- _TASK TO COMPLETE_:
In your copy, leave out the pictures; write out all the data exactly.

- _DATA SUPPLIED_:
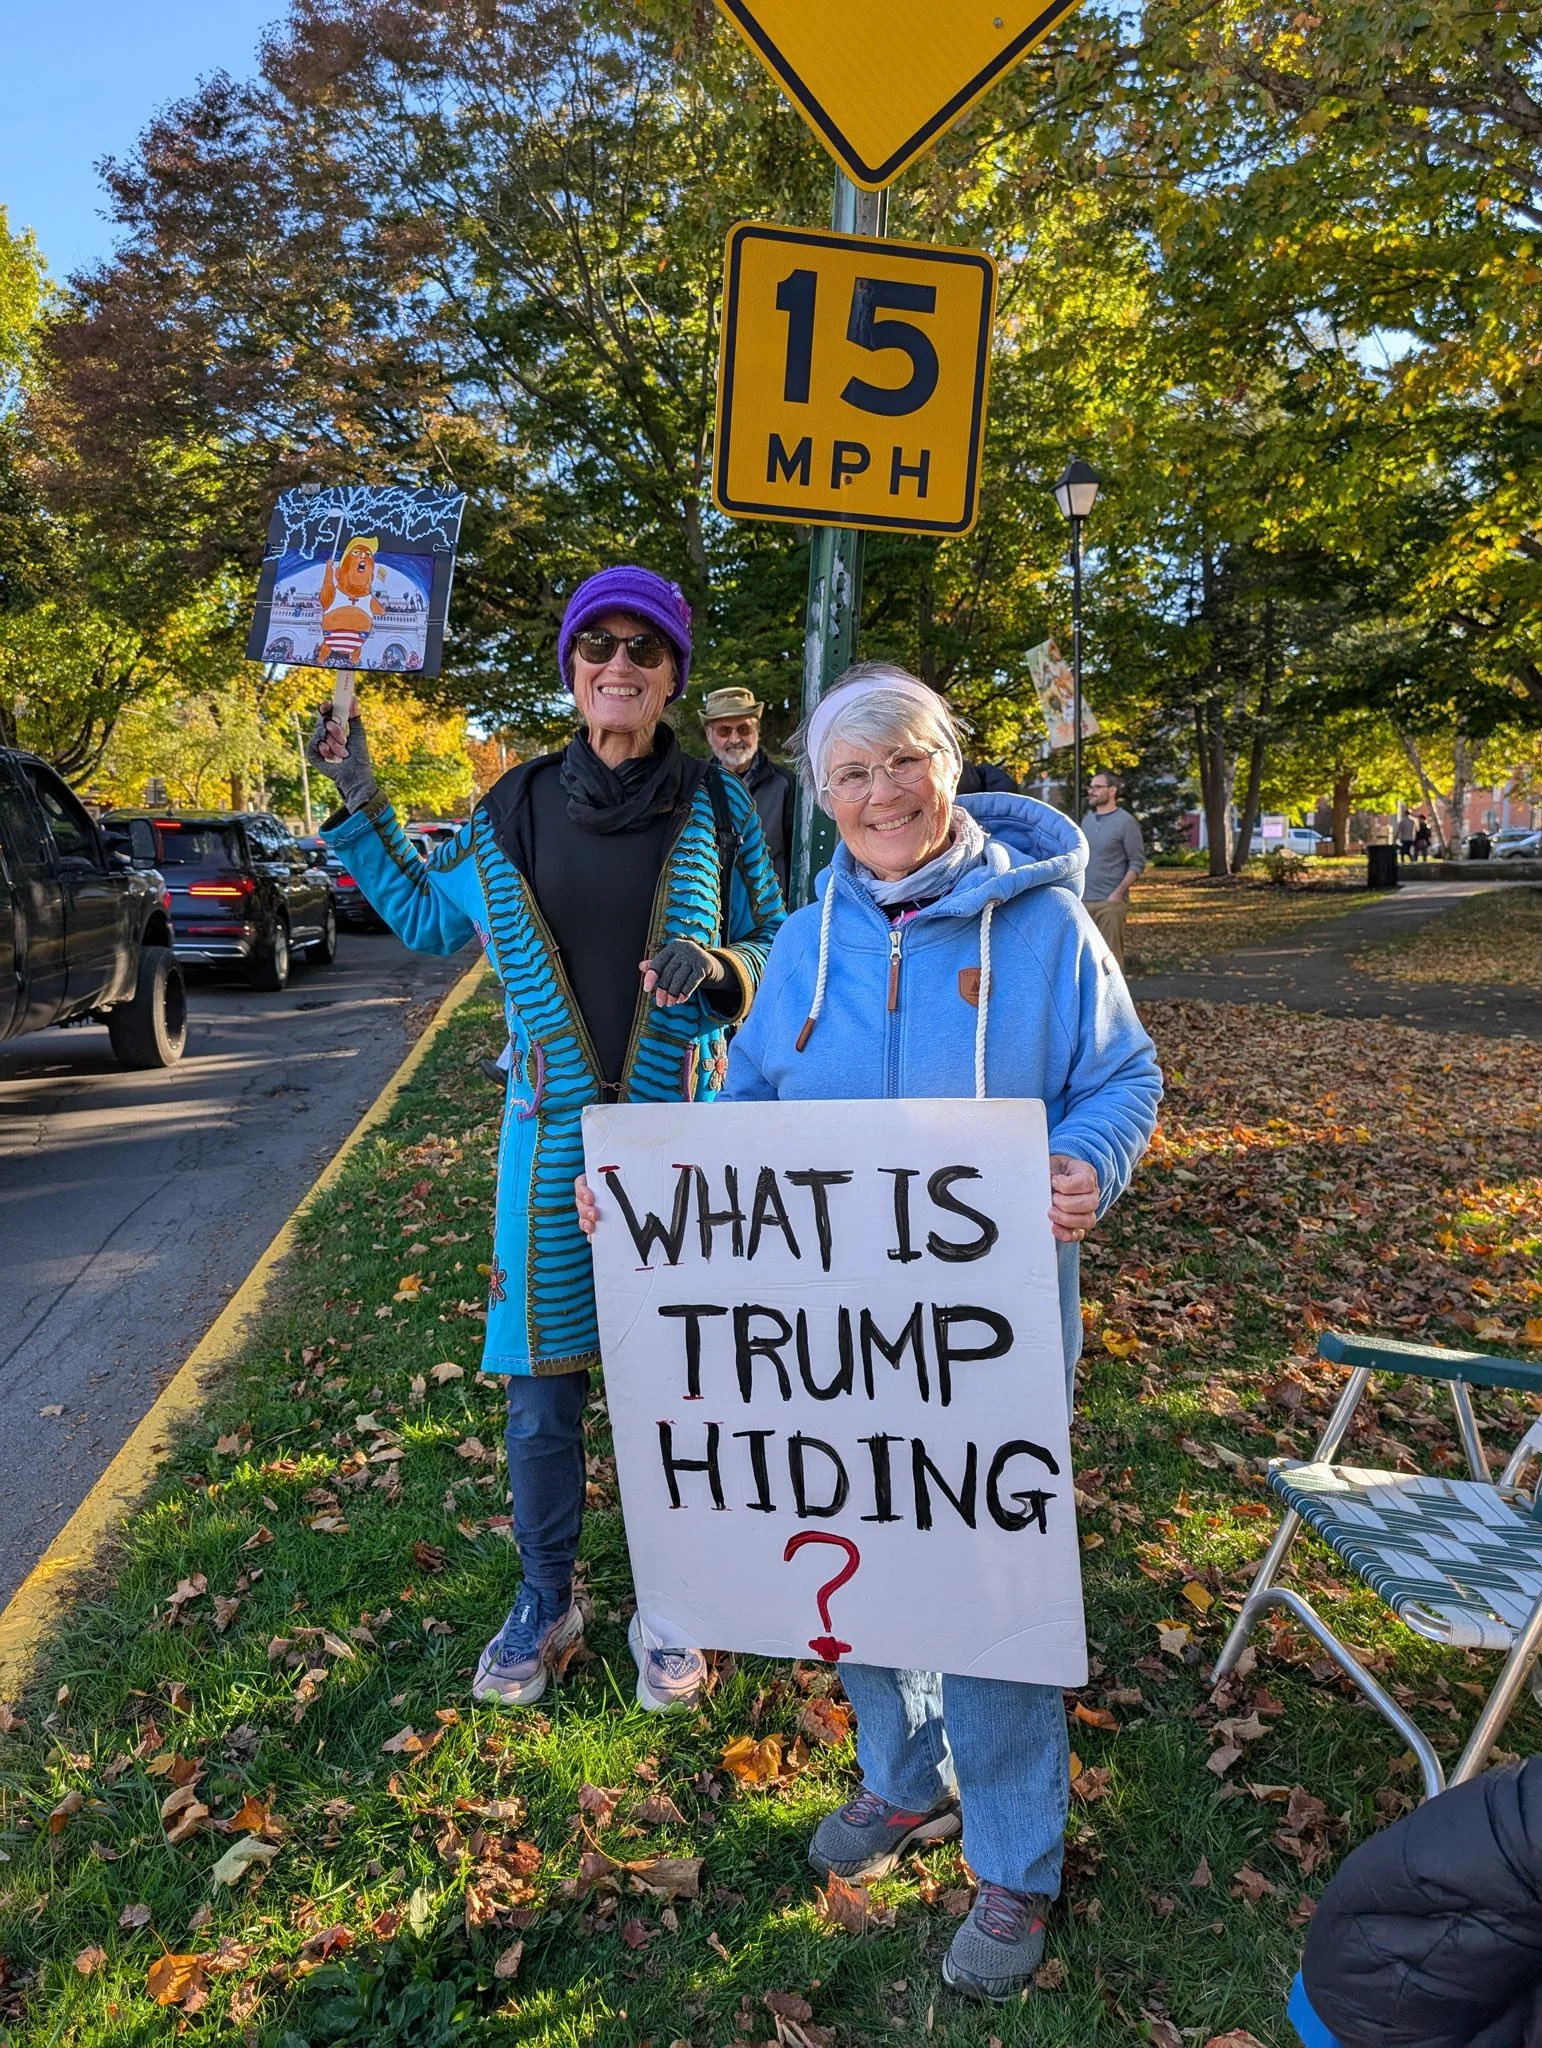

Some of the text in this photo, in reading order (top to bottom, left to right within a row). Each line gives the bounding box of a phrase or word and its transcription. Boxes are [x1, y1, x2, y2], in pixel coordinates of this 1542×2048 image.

[775, 268, 940, 417] 15
[766, 432, 931, 499] MPH
[597, 1163, 1000, 1273] WHAT IS
[658, 1301, 1015, 1407] TRUMP
[655, 1419, 1061, 1535] HIDING
[783, 1529, 861, 1663] ?
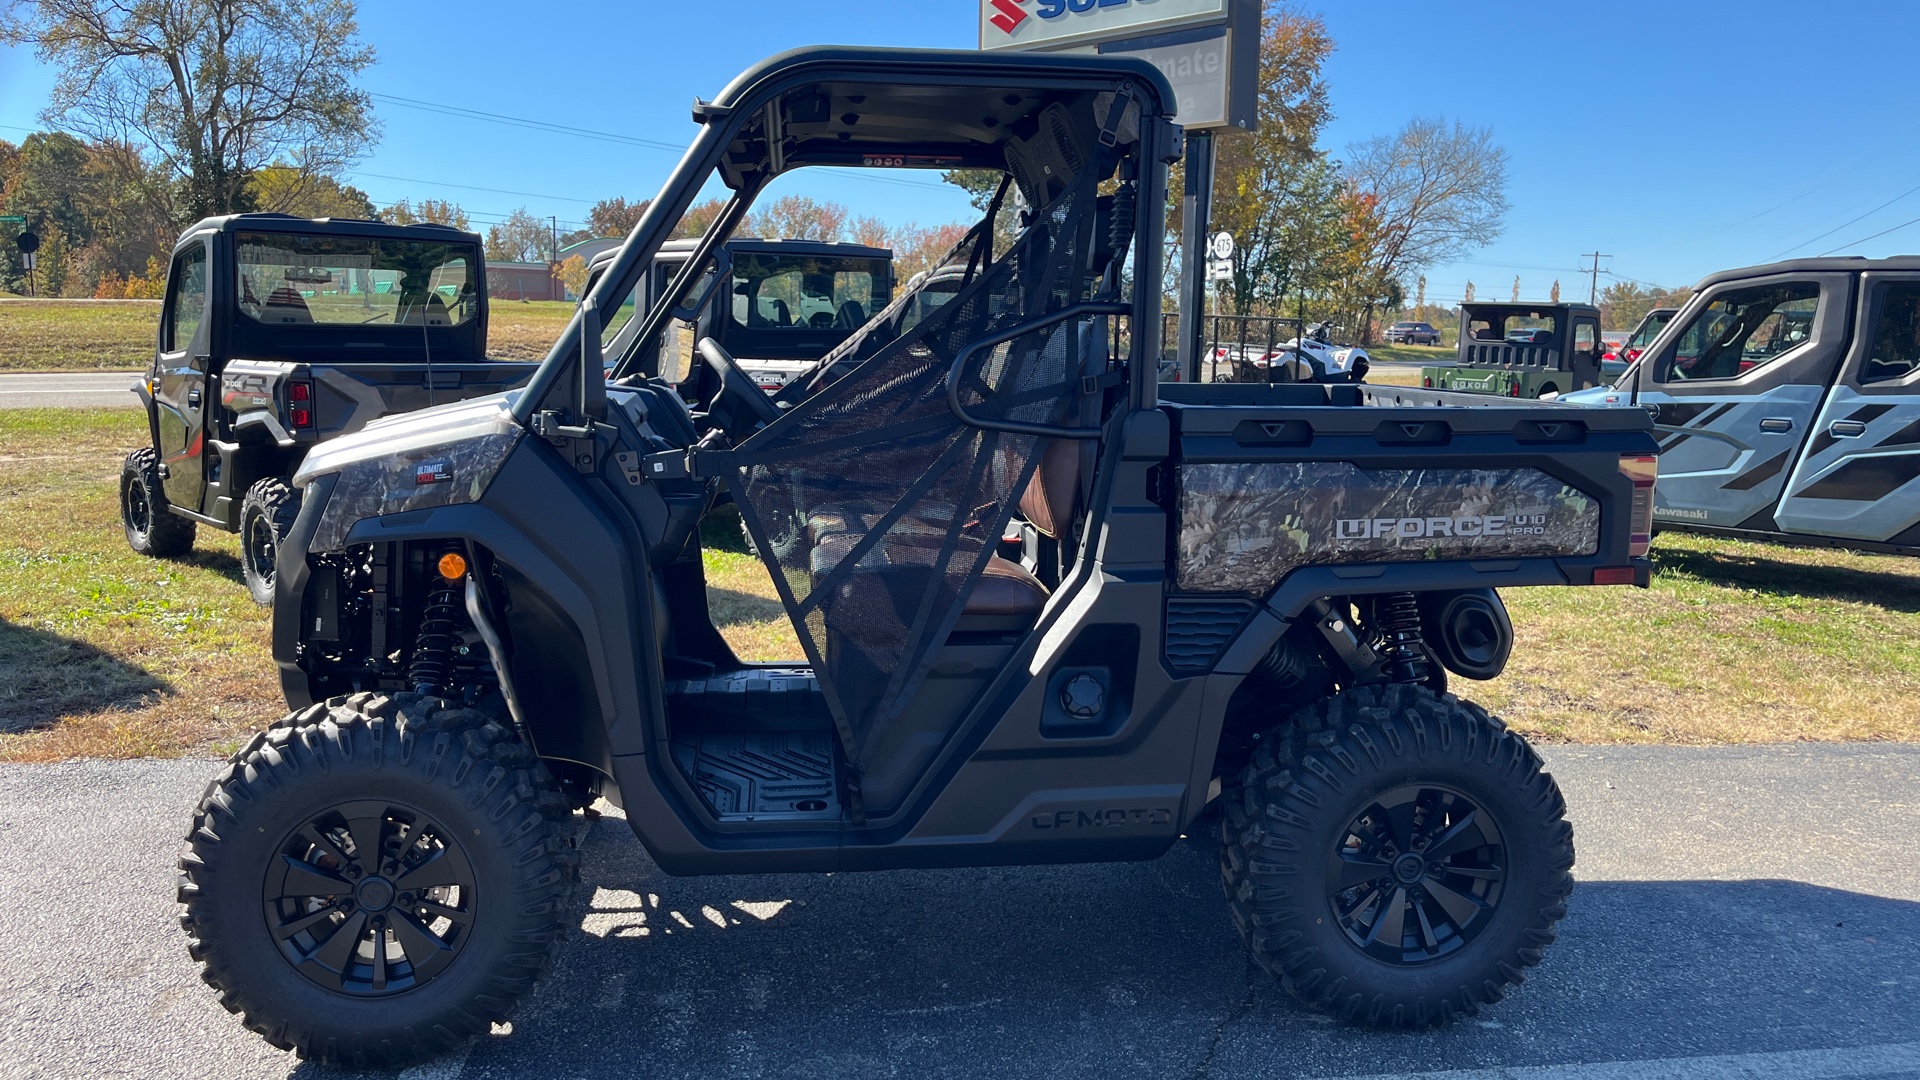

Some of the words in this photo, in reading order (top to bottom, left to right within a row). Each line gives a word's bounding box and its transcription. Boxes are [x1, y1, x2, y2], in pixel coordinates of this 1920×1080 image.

[1216, 239, 1231, 251] 675
[1451, 380, 1489, 390] ROXOR
[417, 463, 443, 474] ULTIMATE
[418, 473, 434, 483] CYCLE
[1652, 505, 1708, 519] Kawasaki
[1512, 526, 1545, 535] PRO
[1031, 808, 1171, 829] CFMOTO
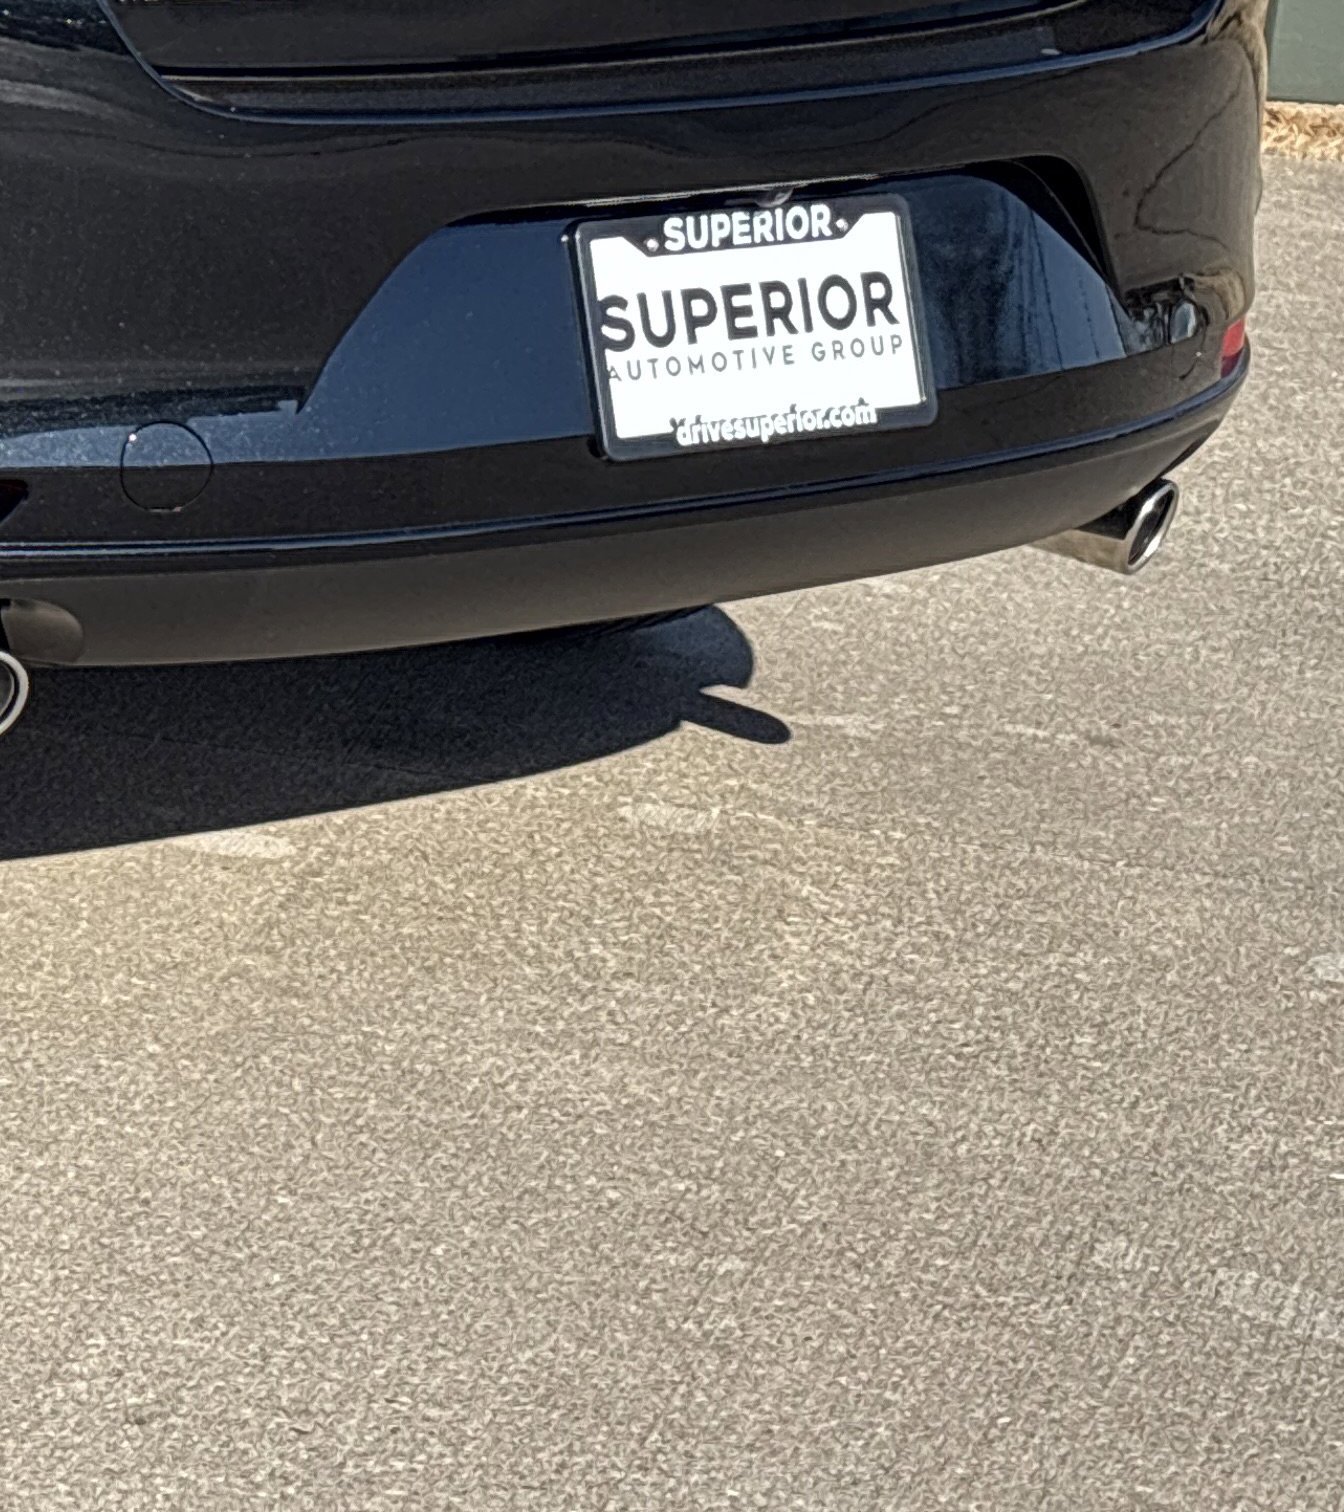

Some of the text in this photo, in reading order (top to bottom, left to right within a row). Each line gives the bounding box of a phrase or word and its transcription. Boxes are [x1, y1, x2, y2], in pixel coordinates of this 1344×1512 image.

- _OUTPUT BELOW_:
Some of the text in this photo, in reading order (top to bottom, left to right within a row). Each line gives the bounding box of a phrase or word and its transcription. Boxes are [x1, y1, x2, y2], in pixel coordinates of this 1542×2048 image.

[775, 268, 940, 417] 15
[766, 432, 931, 499] MPH
[597, 1163, 1000, 1273] WHAT IS
[658, 1301, 1015, 1407] TRUMP
[655, 1419, 1061, 1535] HIDING
[783, 1529, 861, 1663] ?

Some of the words in this photo, in reading order (top to bottom, left to right within a row). Each line gives a word's bounding box and its transcription. Boxes are [x1, y1, x2, y2], in pixel coordinates of this 1920×1080 image.

[1216, 239, 1231, 251] 675
[1451, 380, 1489, 390] ROXOR
[417, 463, 443, 474] ULTIMATE
[418, 473, 434, 483] CYCLE
[1652, 505, 1708, 519] Kawasaki
[1512, 526, 1545, 535] PRO
[1031, 808, 1171, 829] CFMOTO

Some of the text in this photo, in reading order (top to bottom, left to right within a row). Each line gives the bounding box of a phrase or word and its transcription. Boxes are [x1, y1, x2, y2], in pixel coordinates of this 1344×1512 image.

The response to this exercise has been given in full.